Según escribe Lissa Coffey, en la web de la Initiative on Digital Economy del Instituto de Tecnología de Massachusetts (MIT):“los datos en sí mismos no son dinámicos. Ni inteligentes. Son estáticos. Son necesarias las preguntas correctas para hacerlos dinámicos”.

Porque si los datos no se emplean bien no se conviertan en acciones inteligentes de negocio. Un ejemplo de ello nos los plantea Ángel Galán, responsable de Inteligencia de Negocio de Correos: “Imagina una persona que todos los sábados va una tienda y compra un litro de cerveza y un sándwich. Recopilamos este dato constante durante cinco años. Pero en las últimas dos semanas ha comprado, en vez de cerveza y sándwich, potitos y pañales. Desde una perspectiva big data, que toma toda la información, le ofertaríamos cerveza y pañales. Pero desde una perspectiva smart data, nos daríamos cuenta de ese cambio, y le ofreceríamos esos productos para un padre primerizo”.

Es fundamental contextualizar los datos para poder interpretarlos correctamente

Además, también es vital que esta información inteligente esté disponible en tiempo real para que la personalización y capacidad de respuesta del negocio sea realmente eficaz. Las marcas y empresas deben anticiparse y responder a tiempo a los retos y oportunidades de negocio.

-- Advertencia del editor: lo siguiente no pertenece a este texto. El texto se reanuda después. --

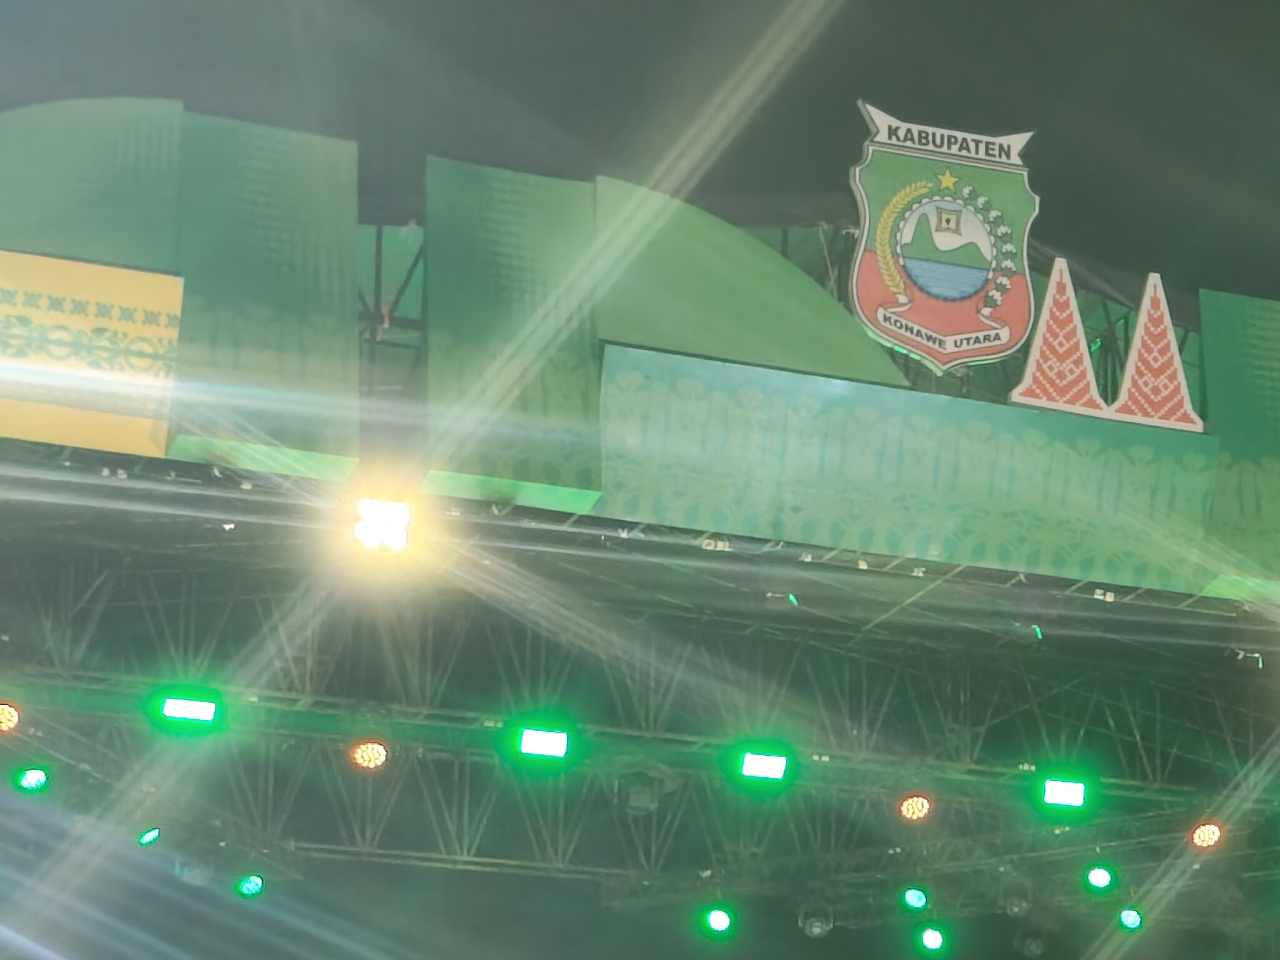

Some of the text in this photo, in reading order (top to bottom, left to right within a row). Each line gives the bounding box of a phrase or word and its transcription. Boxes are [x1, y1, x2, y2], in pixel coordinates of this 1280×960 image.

[887, 124, 1012, 161] KABUPATEN
[882, 312, 1002, 349] KONAWE UTARA

La estrategia del Smart Data esta ideada desde el primer momento para alcanzar resultados concretos, para detectar patrones o tendencias.

Conclusiones

Comprobamos que el marketing basado en datos consiste cada vez menos en recopilar terabytes y más en saber interpretar, analizar y extraer lo esencial de esos datos. Esto nos permitirá disponer de piezas apropiadas que nos ayuden a crear un dialogo adecuado y personalizado con cada cliente que nos permita satisfacer sus necesidades.

Por lo tanto, ahora la clave está en encontrar el camino correcto que nos lleve del Big Data hasta el Smart Data. En saber lo que necesitamos para poder encontrarlo, en dar los pasos correctos, utilizar los parámetros convenientes, en hacer las preguntas precisas que nos den las respuestas propicias, en combinar los datos extraídos del análisis con otros procedentes de distintas fuentes y en saber finalmente, aplicar la información obtenida para cumplir con los diferentes objetivos de negocio de cada marca o empresa.